Copy every line of the material below word for word.

=-=-=

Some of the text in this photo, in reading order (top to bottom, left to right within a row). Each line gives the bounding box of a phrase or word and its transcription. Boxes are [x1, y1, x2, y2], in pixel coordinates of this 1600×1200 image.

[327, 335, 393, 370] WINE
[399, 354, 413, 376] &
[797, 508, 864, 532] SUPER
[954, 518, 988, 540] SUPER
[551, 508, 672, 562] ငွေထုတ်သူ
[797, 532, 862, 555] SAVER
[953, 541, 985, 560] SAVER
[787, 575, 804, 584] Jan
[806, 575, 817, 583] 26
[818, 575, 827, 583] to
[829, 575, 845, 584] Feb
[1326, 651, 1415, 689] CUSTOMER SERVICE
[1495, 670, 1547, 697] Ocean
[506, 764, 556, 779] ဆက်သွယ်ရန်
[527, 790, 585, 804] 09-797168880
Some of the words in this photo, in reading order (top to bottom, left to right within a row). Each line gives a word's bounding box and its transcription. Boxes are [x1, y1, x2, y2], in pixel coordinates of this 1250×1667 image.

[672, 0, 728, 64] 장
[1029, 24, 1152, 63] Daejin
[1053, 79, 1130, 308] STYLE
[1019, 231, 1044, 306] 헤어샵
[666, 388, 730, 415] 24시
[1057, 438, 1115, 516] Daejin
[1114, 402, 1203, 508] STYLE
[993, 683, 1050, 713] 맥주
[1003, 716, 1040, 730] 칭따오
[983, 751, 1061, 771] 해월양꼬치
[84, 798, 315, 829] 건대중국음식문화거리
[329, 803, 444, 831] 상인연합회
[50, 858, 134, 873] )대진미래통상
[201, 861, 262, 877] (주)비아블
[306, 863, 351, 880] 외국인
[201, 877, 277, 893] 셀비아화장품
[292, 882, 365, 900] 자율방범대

=-=-=

■ **THE ANSWER**:
Some of the text in this photo, in reading order (top to bottom, left to right within a row). Each line gives the bounding box of a phrase or word and its transcription. Boxes are [x1, y1, x2, y2], in pixel coordinates of this 1600×1200 image.

[327, 335, 393, 370] WINE
[399, 354, 413, 376] &
[797, 508, 864, 532] SUPER
[954, 518, 988, 540] SUPER
[551, 508, 672, 562] ငွေထုတ်သူ
[797, 532, 862, 555] SAVER
[953, 541, 985, 560] SAVER
[787, 575, 804, 584] Jan
[806, 575, 817, 583] 26
[818, 575, 827, 583] to
[829, 575, 845, 584] Feb
[1326, 651, 1415, 689] CUSTOMER SERVICE
[1495, 670, 1547, 697] Ocean
[506, 764, 556, 779] ဆက်သွယ်ရန်
[527, 790, 585, 804] 09-797168880
Some of the words in this photo, in reading order (top to bottom, left to right within a row). Each line gives a word's bounding box and its transcription. Boxes are [x1, y1, x2, y2], in pixel coordinates of this 1250×1667 image.

[672, 0, 728, 64] 장
[1029, 24, 1152, 63] Daejin
[1053, 79, 1130, 308] STYLE
[1019, 231, 1044, 306] 헤어샵
[666, 388, 730, 415] 24시
[1057, 438, 1115, 516] Daejin
[1114, 402, 1203, 508] STYLE
[993, 683, 1050, 713] 맥주
[1003, 716, 1040, 730] 칭따오
[983, 751, 1061, 771] 해월양꼬치
[84, 798, 315, 829] 건대중국음식문화거리
[329, 803, 444, 831] 상인연합회
[50, 858, 134, 873] )대진미래통상
[201, 861, 262, 877] (주)비아블
[306, 863, 351, 880] 외국인
[201, 877, 277, 893] 셀비아화장품
[292, 882, 365, 900] 자율방범대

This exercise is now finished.